MITNANEX

MITochondrial NANopore reads EXtractor

Status GitHub Issues GitHub Pull Requests License

Table of Contents

🧐 About

MITNANEX's main purpose is to extract mitocondrial Nanopore reads De novo from the WGS, with no need for seeds or reference sequences. It will also return a draft assembly of the mitogenome using Flye.

🏁 Getting Started

Installing

First, you need to clone this repository and add to PATH:

git clone https://github.com/juanjo255/MITNANEX.git; cd MITNANEX; export PATH=$(pwd):$PATH

Conda/mamba

The best way to install MITNANEX's dependencies is through a beautiful conda/mamba environment, first you must have Rust installed (https://www.rust-lang.org/tools/install).

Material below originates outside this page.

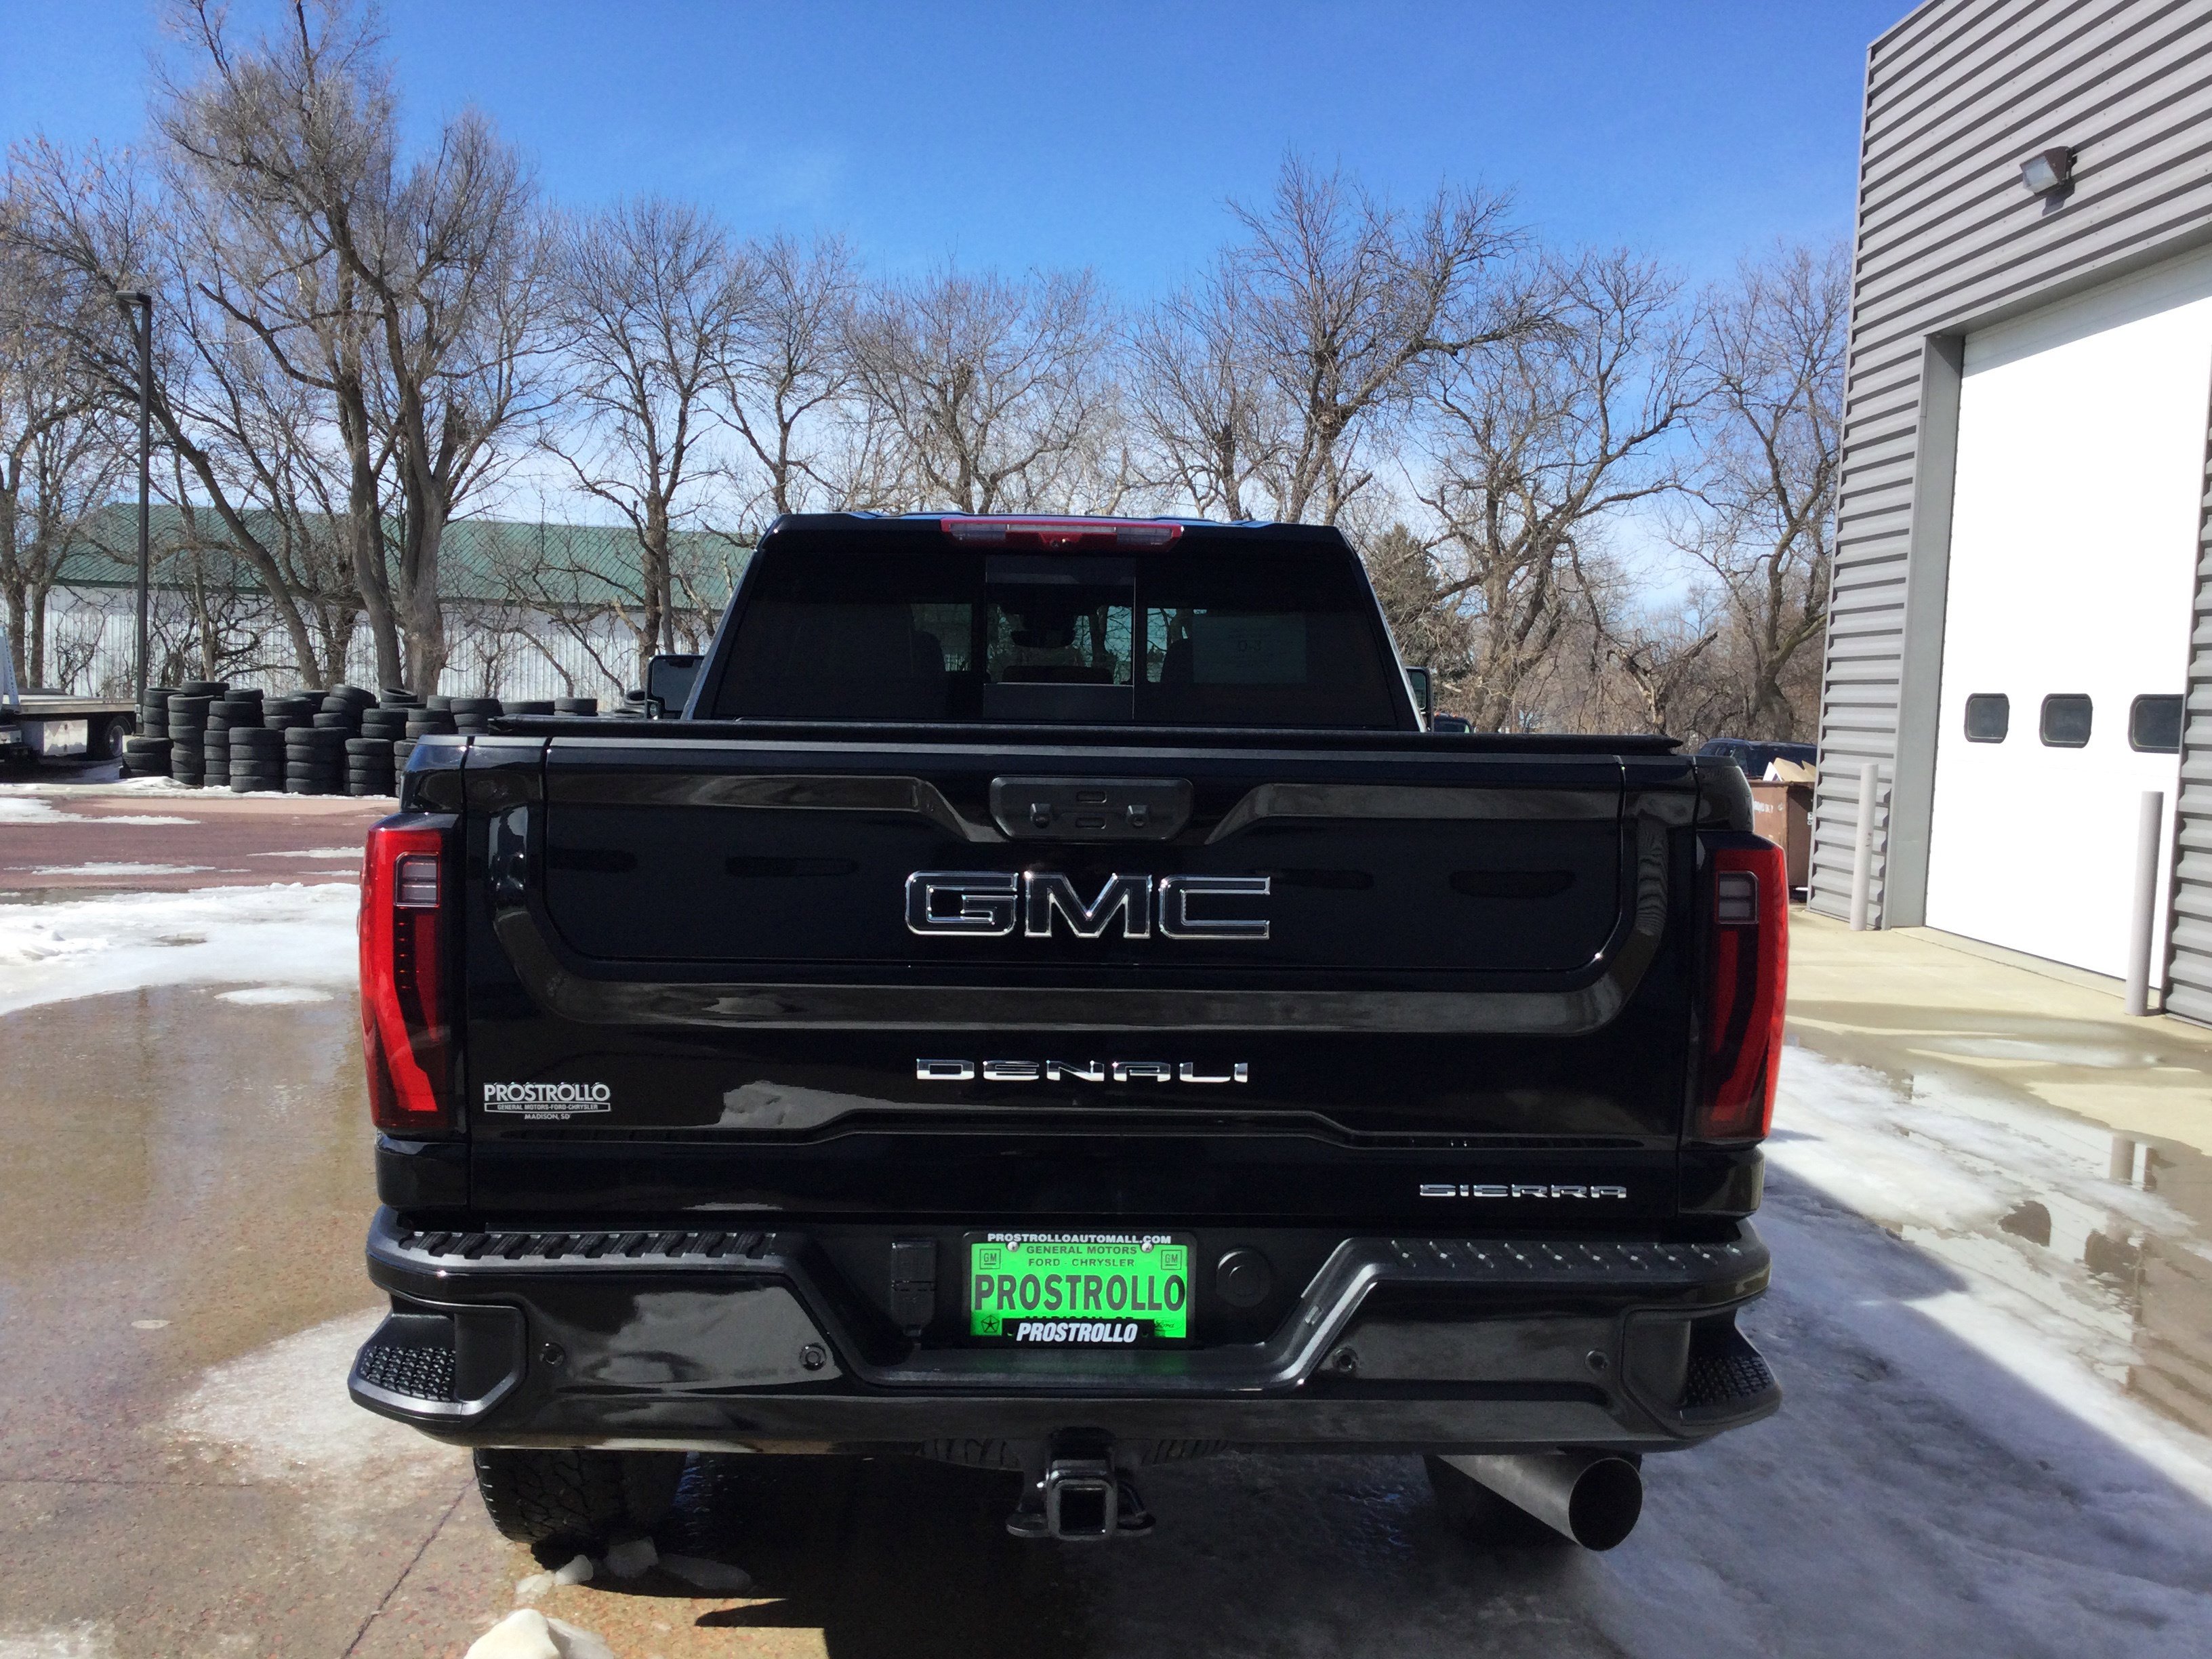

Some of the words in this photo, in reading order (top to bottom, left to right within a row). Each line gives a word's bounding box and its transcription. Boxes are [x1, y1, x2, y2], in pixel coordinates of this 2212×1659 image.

For Mac M1 using mamba (you can change it for conda):

CONDA_SUBDIR=osx-64; mamba create -n mitnanex -c conda-forge -c bioconda seqkit seqtk fpa minimap2 miniasm flye gfastats samtools Filtlong
mamba activate mitnanex
pip install pandas maturin biopython scikit-learn utils-mitnanex

It's possible to have problem with the pip module utils-mitnanex, in that case:

pip uninstall utils-mitnanex
cd src/utils_rs; maturin develop

For Linux:

conda create -n mitnanex -c conda-forge -c bioconda Seqkit Seqtk fpa Minimap2 Miniasm Flye Gfastats Samtools Filtlong
conda activate mitnanex
pip install pandas maturin biopython scikit-learn utils-mitnanex

Dependencies

MITNANEX needs the following tools:

  1. Seqkit
  2. Seqtk
  3. fpa
  4. Minimap2
  5. Miniasm
  6. Flye
  7. Pandas
  8. Gfastats
  9. Samtools
  10. Filtlong
  11. Maturin
  12. Biopython
  13. scikit-learn
  14. utils-mitnanex

Notes:

🎈 Usage

Quick start:

./mitnanex_cli.sh -i path/to/fastQ  -p 15000 -m 1000 -t 8 -s 0.6 -g GenomeSize(g|m|k) -w path/to/output

Notes:

For help message:

./mitnanex_cli.sh -h
Options:
    -i        Input file. [required]
    -t        Threads. [4].
    -p        Proportion. For sampling. It can be a proportion or a number of reads (0.3|10000). [0.3].
    -m        Min-len. Filter reads by minimum length. Read seqkit seq documentation. [-1].
    -M        Max-len. Filter reads by maximum length. Read seqkit seq documentation. [-1].
    -w        Working directory. Path to create the folder which will contain all mitnanex information. [./mitnanex_results].
    -r        Prefix name add to every produced file. [input file name].
    -c        Coverage. Minimum coverage per cluster accepted. [-1].
    -d        Different output directory. Create a different output directory every run (it uses the date and time). [False]
    -s        Mapping identity. Minimum identity between two reads to be stored in the same cluster. [0.6]
    -q        Min mapping quality (>=). This is for samtools. [-1].
    -f        Flye mode. [--nano-hq]
    -g        GenomeSize. This is your best estimation of the mitogenome for read correction with Canu. [required]
    *         Help.

Algorithm overview

How does MITNANEX work?

MITNANEX is a pipeline that depends on other open source tools (see dependencies).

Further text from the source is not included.